Opinion
No. 22345. En Banc.
February 13, 1931.
ADVERSE POSSESSION (25, 27) — NATURE AND REQUISITES — HOSTILE POSSESSION — TO BOUNDARIES OR FENCES — CLAIM OF RIGHT. Open, notorious, hostile, exclusive, continuous possession, cultivation and improvement of farm lands up to fences understood to mark the true boundary lines, under color of title and claim of right, for a period of more than ten years, ripens into title by adverse possession; the question of adverse possession being one of fact, and the term "hostile" importing possession as owner, rather than enmity, ill-will, or holding in subordination to the true owner.
Appeal from a judgment of the superior court for Yakima county, Barnett, J., entered August 7, 1929, upon findings in favor of the defendants, in an action for injunctive relief, tried to the court. Affirmed.

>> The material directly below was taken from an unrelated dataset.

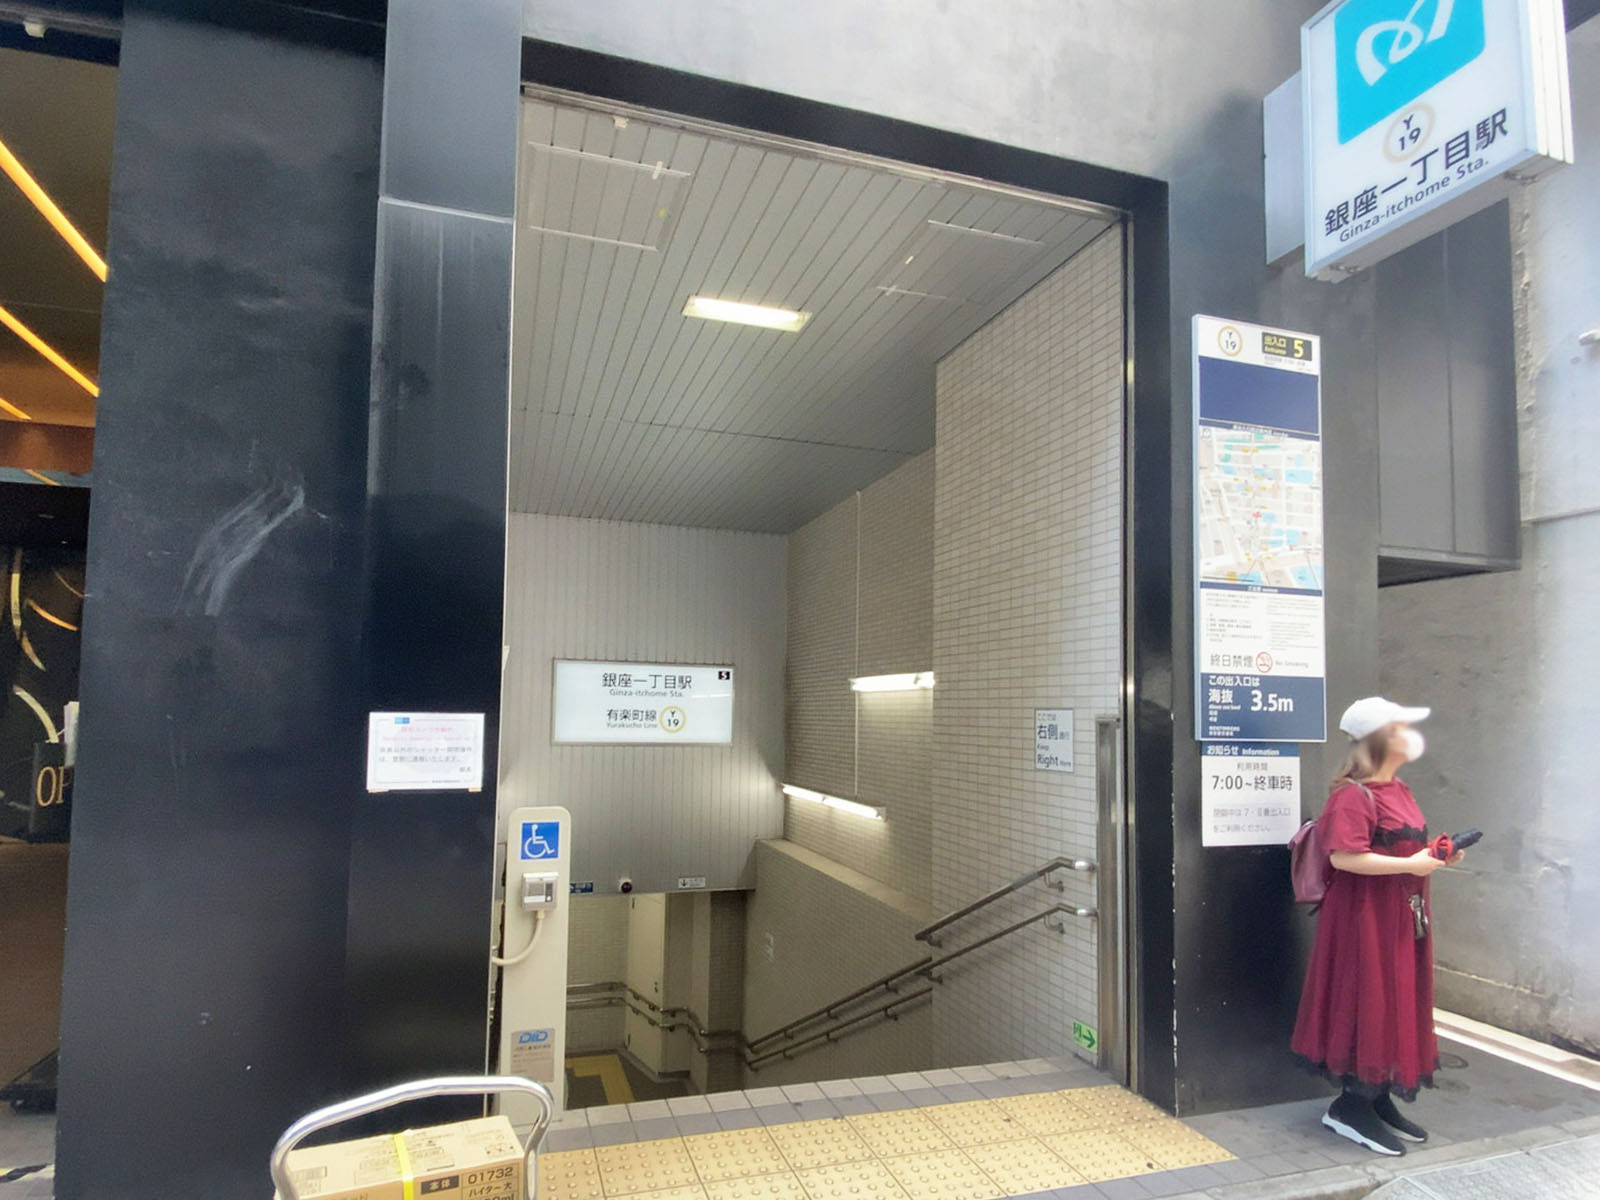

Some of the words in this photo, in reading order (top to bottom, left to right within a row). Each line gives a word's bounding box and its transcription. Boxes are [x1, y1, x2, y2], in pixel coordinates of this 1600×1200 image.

John A. Laing and Rigg, Brown Halverson, for appellant.
William B. Clark, for respondents.
BEALS, J., dissents.
Prior to 1913, the plaintiff, Pacific Power Light Company, or its predecessor in interest by deeds of conveyance which were duly recorded, became the owner in fee simple of a strip of land 75 feet wide part of the way and 100 feet wide the balance of the way across the NW 1/4 of the NW 1/4 and the NE 1/4 of the NW 1/4, Sec. 13, Tp. 14, N.R. 17 E.W.M., situate in Yakima county. Prior to 1913, the plaintiff constructed, and has at all times since operated and maintained, a water canal on the strip of land.
In 1913, defendants Bailey purchased and took a deed of conveyance from P.F. Sprengle and wife to one of the forty-acre tracts, except the strip referred to, and, under contract, the same year went into possession of, and in the year 1915, received a deed of conveyance from the Northern Pacific Railway Company to, the other forty-acre tract, less the strip referred to. The defendants settled on the property, consisting of the two forty-acre tracts, as early as 1913, and have lived on, cultivated, and improved the tracts at all times since.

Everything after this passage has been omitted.